**REQUIREMENT**
In the copy of these records, include no pictures and change nothing else.
+++
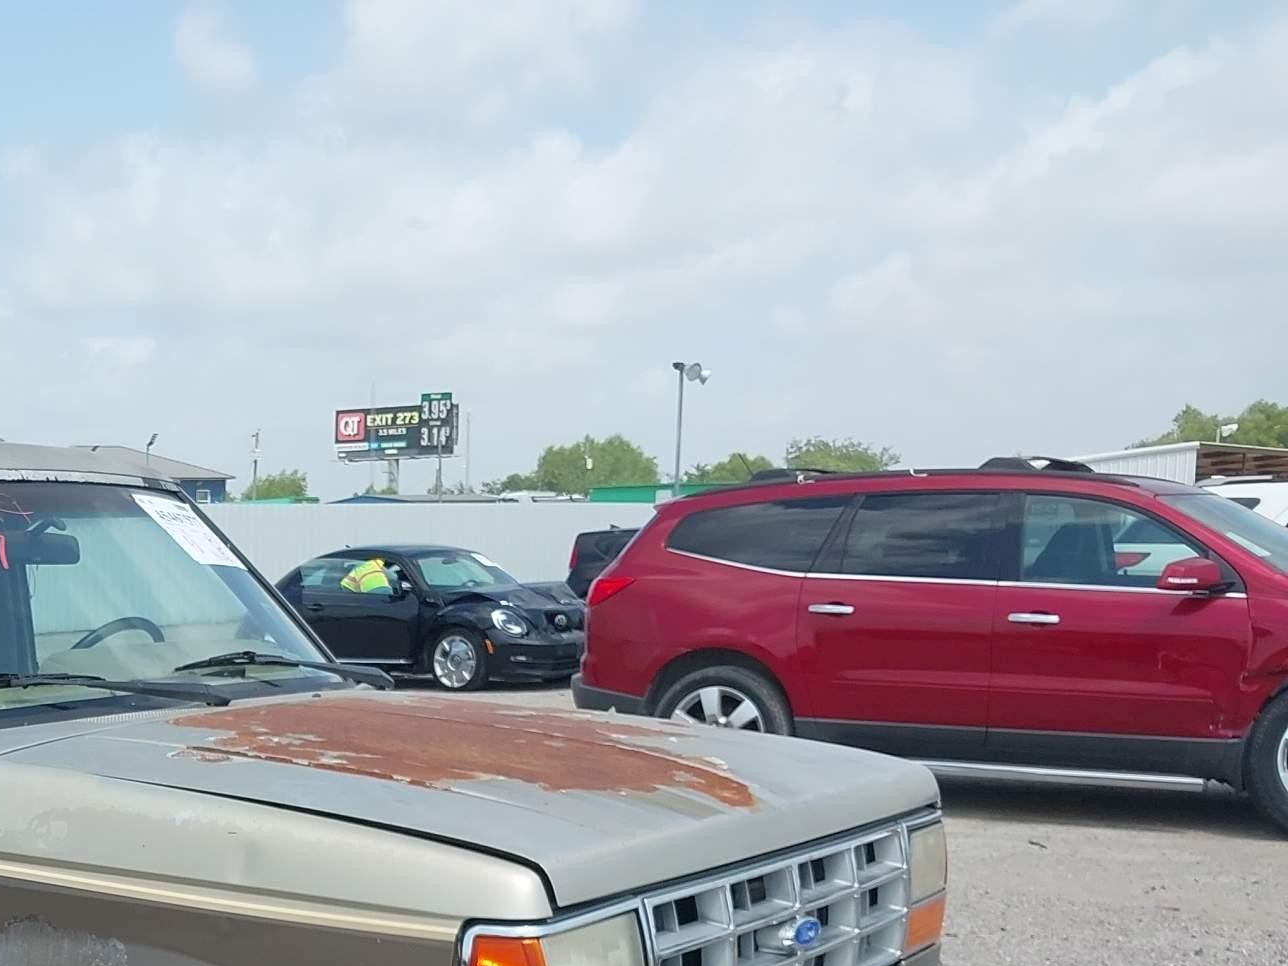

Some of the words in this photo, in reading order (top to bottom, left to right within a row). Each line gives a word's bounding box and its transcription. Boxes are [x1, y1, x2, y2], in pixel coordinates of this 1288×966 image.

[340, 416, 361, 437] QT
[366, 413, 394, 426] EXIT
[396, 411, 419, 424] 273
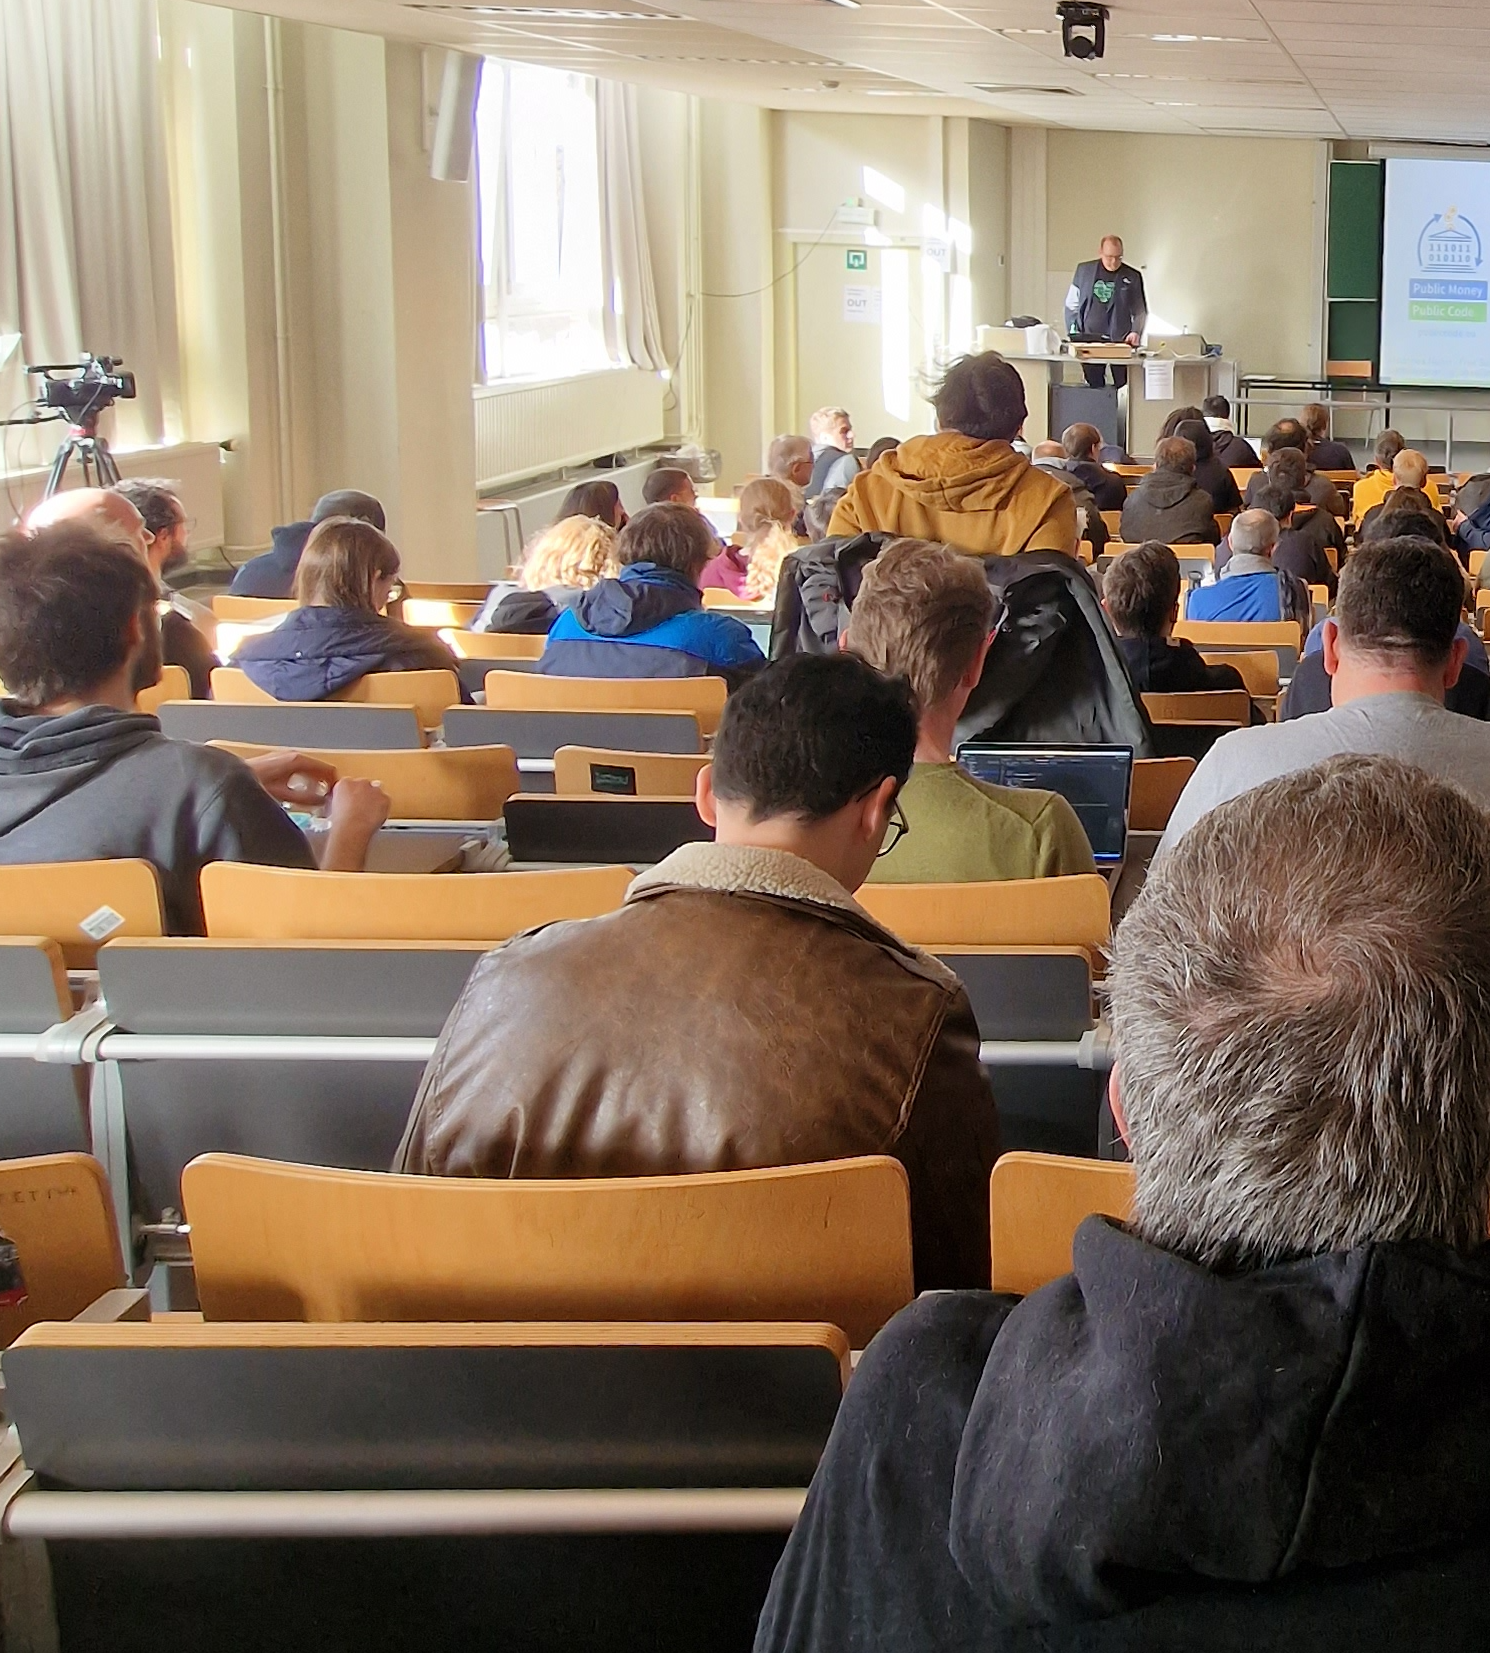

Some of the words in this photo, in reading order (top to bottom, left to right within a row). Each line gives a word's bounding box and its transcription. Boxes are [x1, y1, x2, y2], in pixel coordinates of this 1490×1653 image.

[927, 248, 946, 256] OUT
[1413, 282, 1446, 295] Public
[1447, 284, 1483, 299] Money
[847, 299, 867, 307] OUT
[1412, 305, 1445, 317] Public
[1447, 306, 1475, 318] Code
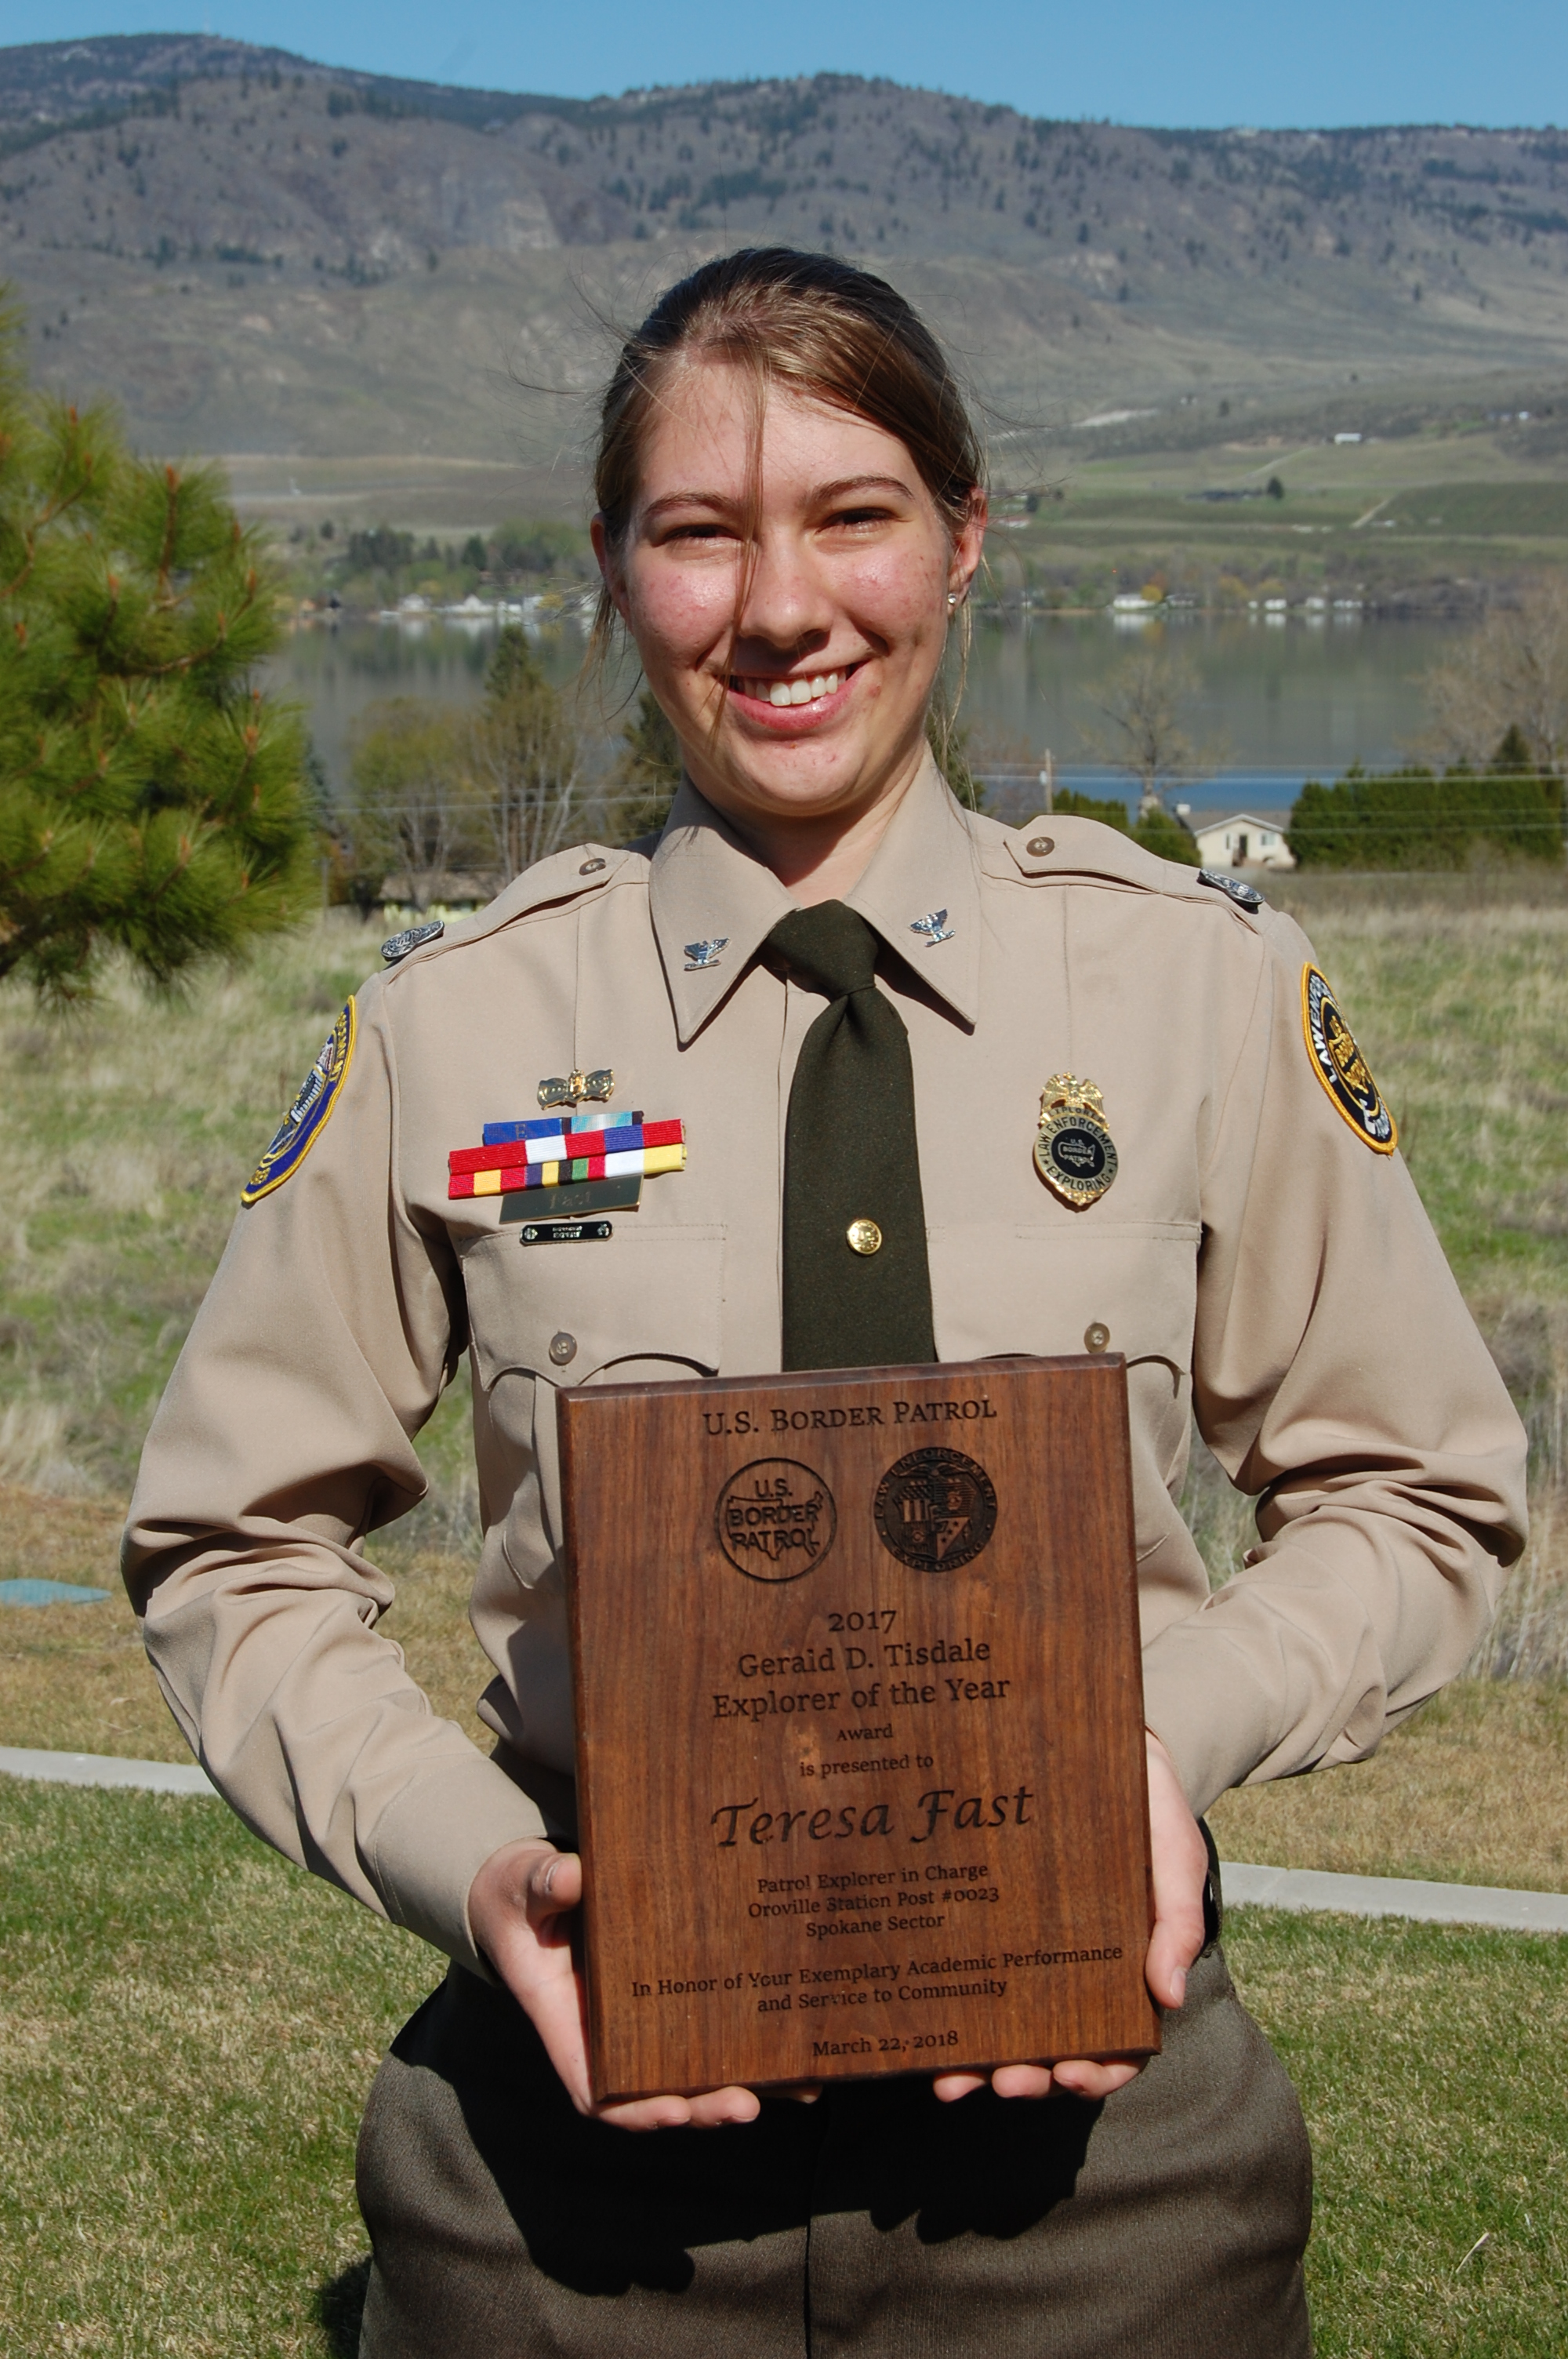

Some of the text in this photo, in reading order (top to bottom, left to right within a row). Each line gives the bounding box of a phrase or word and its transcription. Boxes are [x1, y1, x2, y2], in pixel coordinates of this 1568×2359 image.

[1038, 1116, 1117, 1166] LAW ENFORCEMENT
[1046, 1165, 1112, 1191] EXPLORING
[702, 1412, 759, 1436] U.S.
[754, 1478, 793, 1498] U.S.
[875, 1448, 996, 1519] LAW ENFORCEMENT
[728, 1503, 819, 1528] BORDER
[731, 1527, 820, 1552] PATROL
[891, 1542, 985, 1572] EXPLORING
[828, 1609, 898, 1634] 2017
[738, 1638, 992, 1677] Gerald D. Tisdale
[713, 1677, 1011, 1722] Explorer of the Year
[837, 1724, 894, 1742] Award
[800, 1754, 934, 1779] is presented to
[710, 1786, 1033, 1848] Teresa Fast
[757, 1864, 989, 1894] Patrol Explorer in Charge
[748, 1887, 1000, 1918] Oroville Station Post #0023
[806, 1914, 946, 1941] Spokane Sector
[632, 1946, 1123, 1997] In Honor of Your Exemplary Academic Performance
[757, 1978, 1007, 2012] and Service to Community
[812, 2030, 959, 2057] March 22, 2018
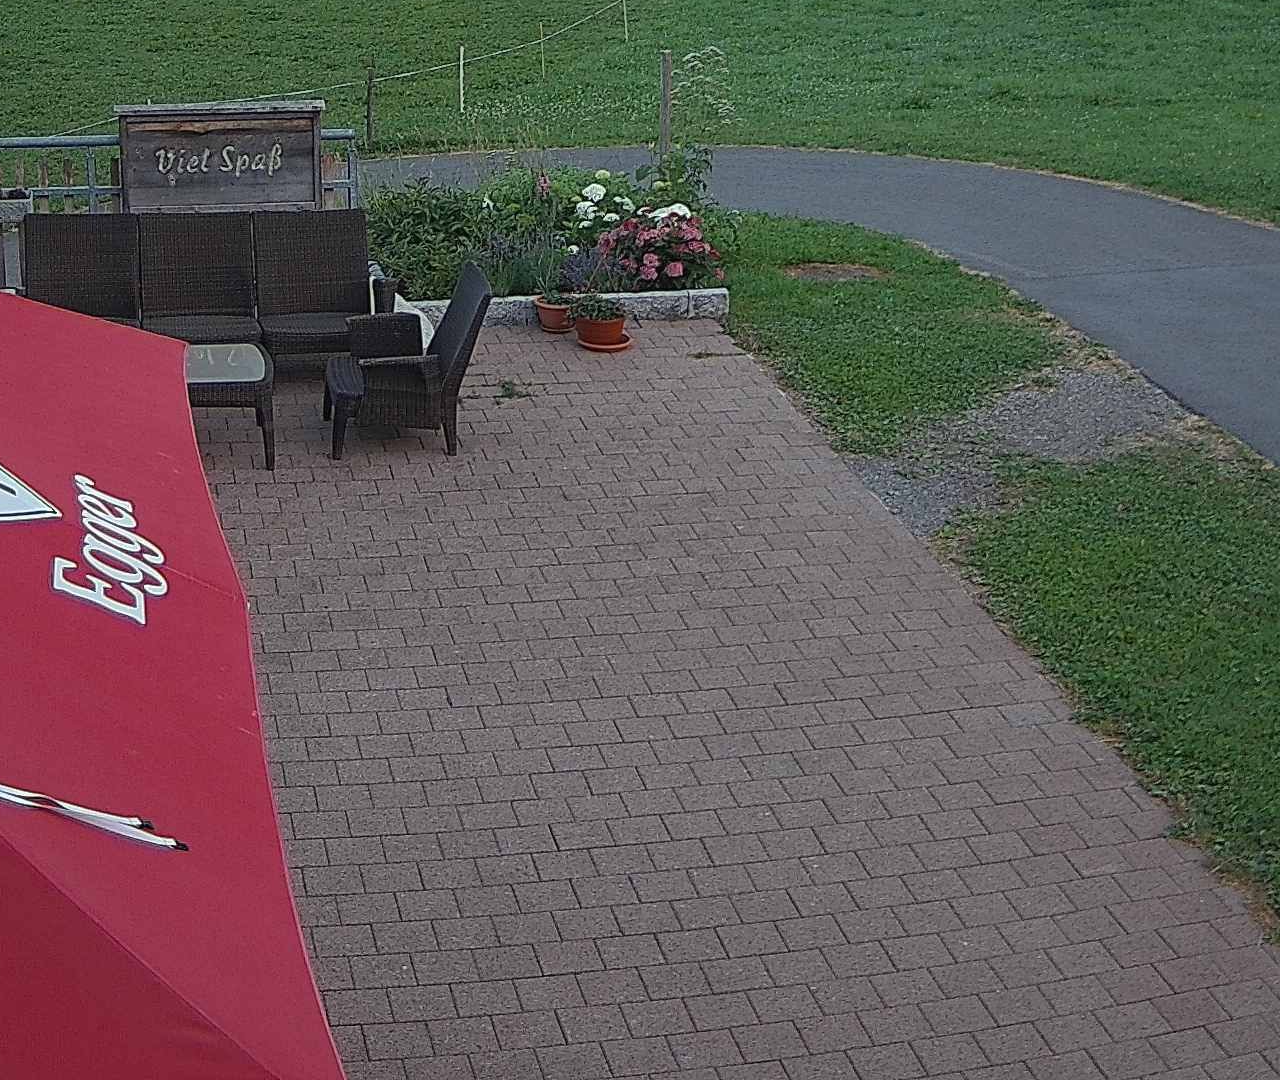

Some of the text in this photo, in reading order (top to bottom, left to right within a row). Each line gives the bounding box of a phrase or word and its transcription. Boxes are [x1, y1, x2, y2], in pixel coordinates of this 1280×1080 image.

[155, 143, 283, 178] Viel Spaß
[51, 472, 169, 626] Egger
+++
**ANSWER SECTION**
Some of the words in this photo, in reading order (top to bottom, left to right within a row). Each line gives a word's bounding box and its transcription. Boxes are [x1, y1, x2, y2], in pixel coordinates of this 1288×966 image.

[340, 416, 361, 437] QT
[366, 413, 394, 426] EXIT
[396, 411, 419, 424] 273

Some of the words in this photo, in reading order (top to bottom, left to right within a row). Each line gives a word's bounding box and its transcription. Boxes are [x1, y1, x2, y2], in pixel coordinates of this 1490×1653 image.

[927, 248, 946, 256] OUT
[1413, 282, 1446, 295] Public
[1447, 284, 1483, 299] Money
[847, 299, 867, 307] OUT
[1412, 305, 1445, 317] Public
[1447, 306, 1475, 318] Code

Some of the text in this photo, in reading order (top to bottom, left to right within a row). Each line gives the bounding box of a phrase or word and its transcription. Boxes are [x1, y1, x2, y2], in pixel coordinates of this 1568×2359 image.

[1038, 1116, 1117, 1166] LAW ENFORCEMENT
[1046, 1165, 1112, 1191] EXPLORING
[702, 1412, 759, 1436] U.S.
[754, 1478, 793, 1498] U.S.
[875, 1448, 996, 1519] LAW ENFORCEMENT
[728, 1503, 819, 1528] BORDER
[731, 1527, 820, 1552] PATROL
[891, 1542, 985, 1572] EXPLORING
[828, 1609, 898, 1634] 2017
[738, 1638, 992, 1677] Gerald D. Tisdale
[713, 1677, 1011, 1722] Explorer of the Year
[837, 1724, 894, 1742] Award
[800, 1754, 934, 1779] is presented to
[710, 1786, 1033, 1848] Teresa Fast
[757, 1864, 989, 1894] Patrol Explorer in Charge
[748, 1887, 1000, 1918] Oroville Station Post #0023
[806, 1914, 946, 1941] Spokane Sector
[632, 1946, 1123, 1997] In Honor of Your Exemplary Academic Performance
[757, 1978, 1007, 2012] and Service to Community
[812, 2030, 959, 2057] March 22, 2018

Some of the text in this photo, in reading order (top to bottom, left to right within a row). Each line gives the bounding box of a phrase or word and its transcription. Boxes are [x1, y1, x2, y2], in pixel coordinates of this 1280×1080 image.

[155, 143, 283, 178] Viel Spaß
[51, 472, 169, 626] Egger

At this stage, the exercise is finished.